Coined in the 1980s to describe a red wine from Tuscany, Super Tuscan differentiated itself from Chianti by using non-native Italian grape varieties.
It all started after the Second World War. Chianti at that time was cheap, drinkable and people were knocking it back around the world without thinking anything of it. The war is over! Salute!
But winemakers jumped on the viticultural bandwagon and started making Chianti with any grape they could lay their hands on, including the rather dull grape-next-door, Trebbiano. Soon after, Chianti became weedy, acidic and hollow and was sometimes even made from poor quality Sangiovese vine clones, which was a bit like drinking sour, red coloured water.
Not wanting to curb the worldwide demand for Chianti - it came in rather fetching straw-encased bottles and it meant drinkers from less sunnier climes could have a bottle on the table and fancy themselves in some Tuscan villa - the savvier wine makers continued on doggedly.

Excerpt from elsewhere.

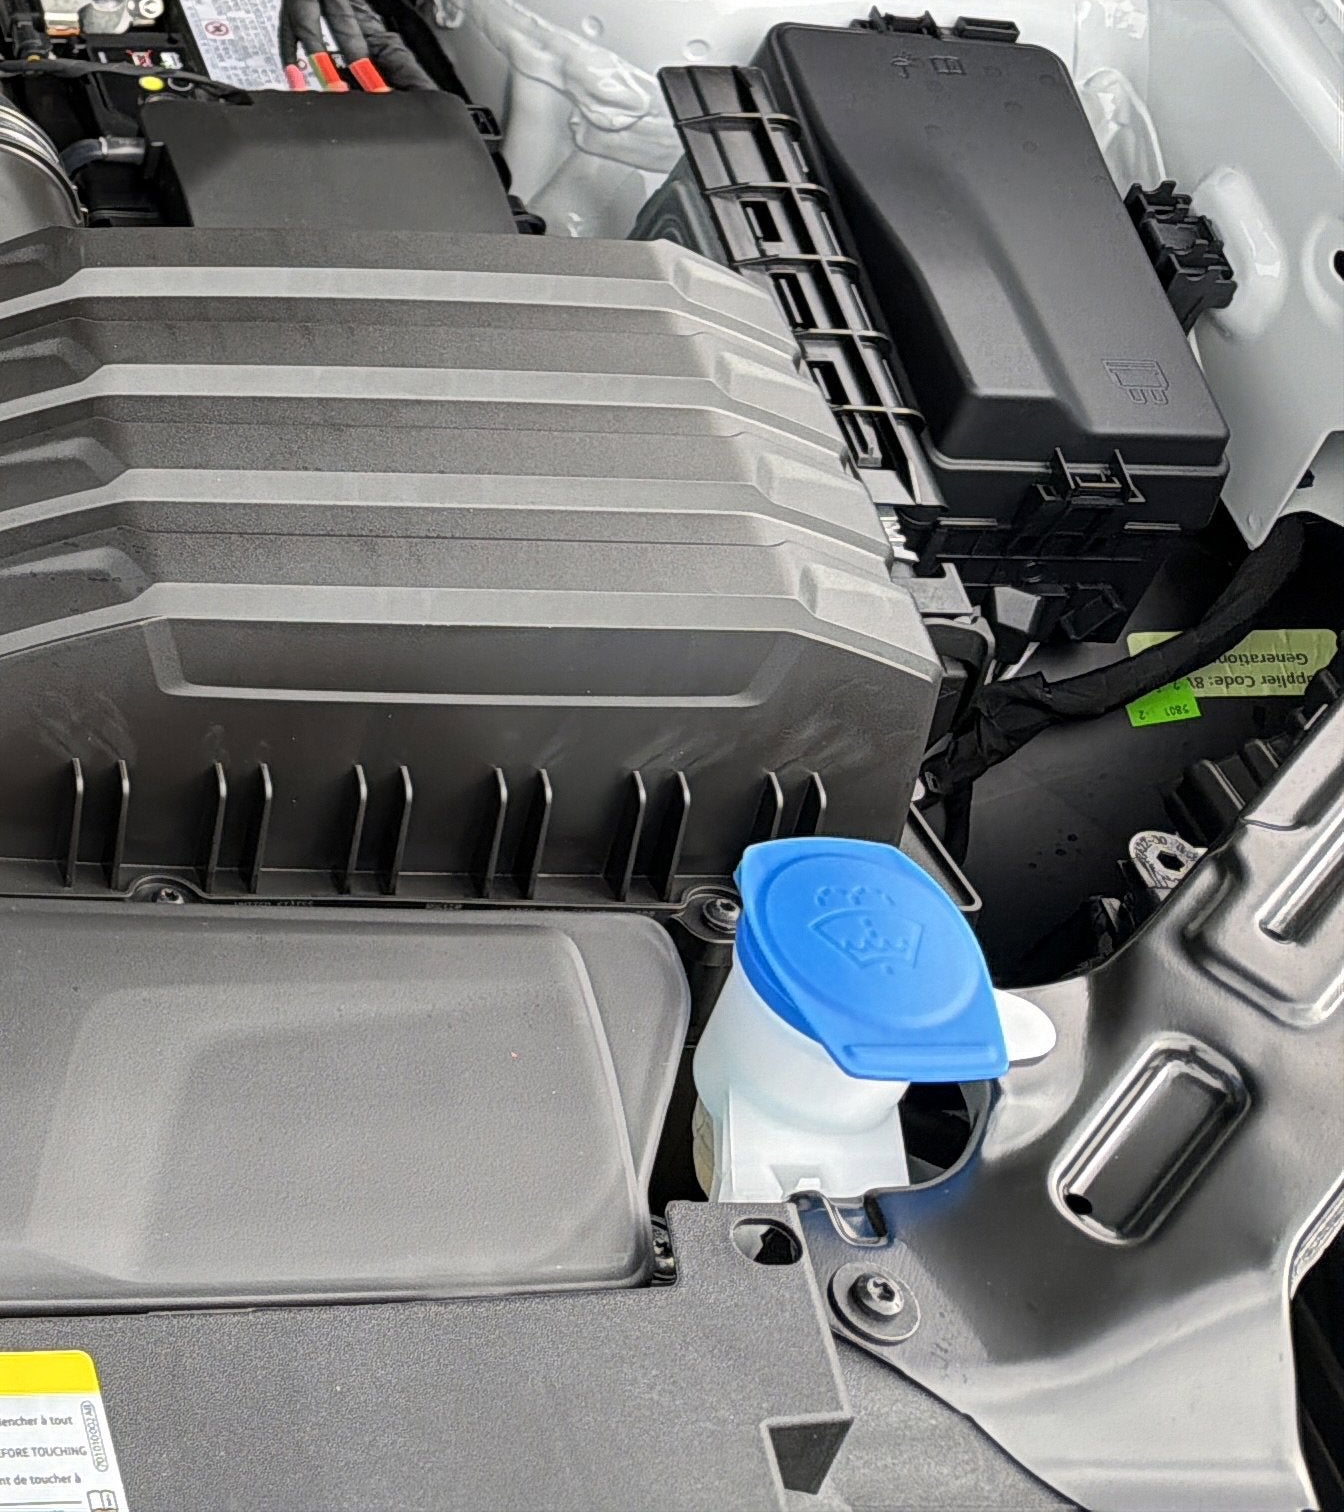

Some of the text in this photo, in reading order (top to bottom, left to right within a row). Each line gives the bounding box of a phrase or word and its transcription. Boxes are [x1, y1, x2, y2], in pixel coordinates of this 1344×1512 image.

Nobody more so, perhaps, than the Marquis Incida della Rocchetta, owner of the now-iconic Tenuta Guido in Bolgheri, who rather rakishly produced a wine that flaunted every rule in the book: Sassicaia.
Grown in an extremely untraditional coastal area of Tuscany, Sassicaia was made from French imported Cabernet Sauvignon grapes and aged in defiantly non-Italian French barriques. Everyone else made do with Slovenian oak or heavens, plain old chestnut casks.
By the 1960s, the Marquis’ techniques were immeasurably improved and lo, the wine was awesome. Despite minimal quantities, another winemaker, Piero Antinori (who turned out to be a relative) latched on and thus, Sassicaia became the model for Tignanello, a powerful, voluptuous blend of 80% Sangiovese, 15% Cabernet Sauvignon and 5% Cabernet Franc.
Antinori owned a winery in the historic Chianti Classico region and his Tignanello also had no addition of the dreaded white grapes - predominantly using Sangiovese instead until faithful Cab Sauv was added a little later.
As Antinori and the Marquis raked it in (as much was possible in post-war Italy), other winemakers took notice and they too started using refined wine making techniques, quality vines and consequentially, produced juicier, meatier Cabernet Sauvignon and Sangiovese blends.